Il dispositivo di misurazione del dolore utilizza cinque pulsanti tra cui l’alimentazione, ES (stimolazione elettrica), PS (stimolazione a pressione), EB (pulsante di emergenza), e SS (interruttore di arresto). ES e PS sono utilizzati per applicare la stimolazione elettrica e la pressione all’individuo. EB è un pulsante di spegnimento disponibile in caso di emergenza, e SS è un pulsante utilizzato alla fine delle misurazioni del dolore. Il componente di stimolazione elettrica è stato collegato con due elettrodi per misurare la corrente percepita (50 Hz, larghezza dell’impulso 0,3 ms) e la soglia del dolore. I due elettrodi sono posizionati su un sito piatto, come il fianco di un animale o l’avambraccio mediale di un uomo. Il sistema di stimolazione elettrica fornisce lo stesso livello di stimolazione e intensità di stimolo del dolore; la fibra Ad conduce principalmente il segnale del dolore (segnale elettrico). Il dolorimetro a pressione è collegato a un sensore di pressione a punta di uno stimolatore della mano. L’interruttore di stop è stato premuto quando il partecipante ha sentito dolore.
2.2. Preparazione del modello animale
Ratti Sprague-Dawley maschi adulti (Raon Bio. Inc., Yongin, Corea) del peso di 250-350 g e dell’età di 49-56 giorni sono stati tenuti sotto un ciclo di 12 ore di luce/12 ore di buio (luci alle 06:00 h) a 24 ± 0,5°C in una struttura centrale di cura degli animali. Acqua e cibo per ratti sono stati forniti ad libitum fino all’inizio degli esperimenti. Tutti gli esperimenti sugli animali sono stati approvati dal Comitato per gli esperimenti sugli animali del College of Medicine, Kyung Hee University (KHUASP(SE)-15-084), e sono stati trattati in stretta conformità con il National Institutes of Health Guide for the Care and Use of Laboratory Animals.
2.3. Esame istologico
I ratti sono stati stimolati elettricamente o trattati con carragenina per indurre il dolore. Le risposte infiammatorie indotte dai due diversi trattamenti sono state confrontate con la valutazione istologica. I ratti sono stati perfusi intracardicamente con PBS freddo contenente eparina (0,2 U/ml) e paraformaldeide 4% e poi stoccati in paraformaldeide 4%. I tessuti stressati risultanti dalla stimolazione elettrica e dalla carragenina sono stati bisecati e posti in cassette per l’embedding. Ogni campione è stato incorporato in cera di paraffina e poi sezionato in campioni di 5 μm di spessore utilizzando un microtomo rotante (HM340E, Microm, Walldorf, Germania). Il campione sezionato è stato colorato con ematossilina ed eosina (H&E) e poi analizzato con un microscopio di ricerca invertito Nikon Ti-E e una fotocamera digitale Nikon Ds-Ri1 controllata dal software Nis-Elements (Br) (Nikon Inc., Kawasaki, Giappone).

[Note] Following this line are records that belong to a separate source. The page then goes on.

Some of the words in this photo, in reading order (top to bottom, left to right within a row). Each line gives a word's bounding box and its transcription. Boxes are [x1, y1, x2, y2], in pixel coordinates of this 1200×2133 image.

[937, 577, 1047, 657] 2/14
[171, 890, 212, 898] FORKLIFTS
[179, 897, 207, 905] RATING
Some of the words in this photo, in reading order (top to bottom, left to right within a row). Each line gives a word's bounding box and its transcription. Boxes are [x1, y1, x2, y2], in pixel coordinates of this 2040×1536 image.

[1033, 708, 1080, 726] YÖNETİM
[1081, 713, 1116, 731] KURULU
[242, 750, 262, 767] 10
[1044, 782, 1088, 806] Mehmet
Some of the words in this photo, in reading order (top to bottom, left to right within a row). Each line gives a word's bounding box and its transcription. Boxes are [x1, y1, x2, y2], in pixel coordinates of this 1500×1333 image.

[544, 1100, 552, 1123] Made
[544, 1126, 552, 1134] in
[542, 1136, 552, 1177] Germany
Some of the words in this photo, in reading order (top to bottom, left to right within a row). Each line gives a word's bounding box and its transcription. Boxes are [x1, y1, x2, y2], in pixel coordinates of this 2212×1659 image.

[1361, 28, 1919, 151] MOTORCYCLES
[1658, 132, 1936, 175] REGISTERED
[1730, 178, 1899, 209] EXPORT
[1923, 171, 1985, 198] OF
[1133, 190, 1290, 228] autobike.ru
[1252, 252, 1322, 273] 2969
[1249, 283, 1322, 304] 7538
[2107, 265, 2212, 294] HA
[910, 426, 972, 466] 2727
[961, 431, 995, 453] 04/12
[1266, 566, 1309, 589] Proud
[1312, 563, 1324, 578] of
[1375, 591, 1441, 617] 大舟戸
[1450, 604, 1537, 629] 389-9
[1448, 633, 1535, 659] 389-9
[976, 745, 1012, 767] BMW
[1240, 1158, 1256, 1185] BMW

2.4. Colorazione in immunofluorescenza
Gli effetti della stimolazione elettrica sull’infiammazione e l’apoptosi dei tessuti sono stati studiati in immunofluorescenza. Il tessuto del fianco dei ratti stimolato elettricamente è stato incorporato in paraffina e sezionato in campioni di 4 μm di spessore. Per il recupero dell’antigene, le sezioni di tessuto sono state riscaldate in tampone TRS per circa dieci minuti e poi lavate con acqua distillata per tre volte. I campioni sono stati trattati con lo 0,03% di H2O2 per l’inibizione dell’attività della perossidasi endogena e poi lavati con la soluzione PBS. Poi i campioni sono stati permeabilizzati con 0,5% Triton X-100 in PBS per dieci minuti a temperatura ambiente e bloccati con 5% capra e 1% sieroalbumina bovina in PBS per un’ora. I campioni sono stati lavati con PBS due volte per dieci minuti ciascuno. I campioni sono stati incubati una notte a 4°C con un anticorpo primario, COX2 (diluito 1 : 1000) o caspasi-3 (diluito 1 : 1000), diluito in 1% sieroalbumina bovina in PBS. I campioni sono stati lavati quattro volte con PBS e poi incubati in ordine cronologico con un anticorpo secondario (topo e coniglio, Alexa Fluor 2nd ab, 1 : 500) diluito in 1% BSA in PBS a temperatura ambiente al buio per due ore. Infine, i campioni sono stati lavati due volte con PBS per due minuti e poi coperti con mezzo di montaggio contenente DAPI. Le immagini sono state acquisite utilizzando un microscopio Zeiss Axiovert (Zeiss, Germania) e un sistema di analisi Axiovision Rel. 4.5 (Zeiss, Germania).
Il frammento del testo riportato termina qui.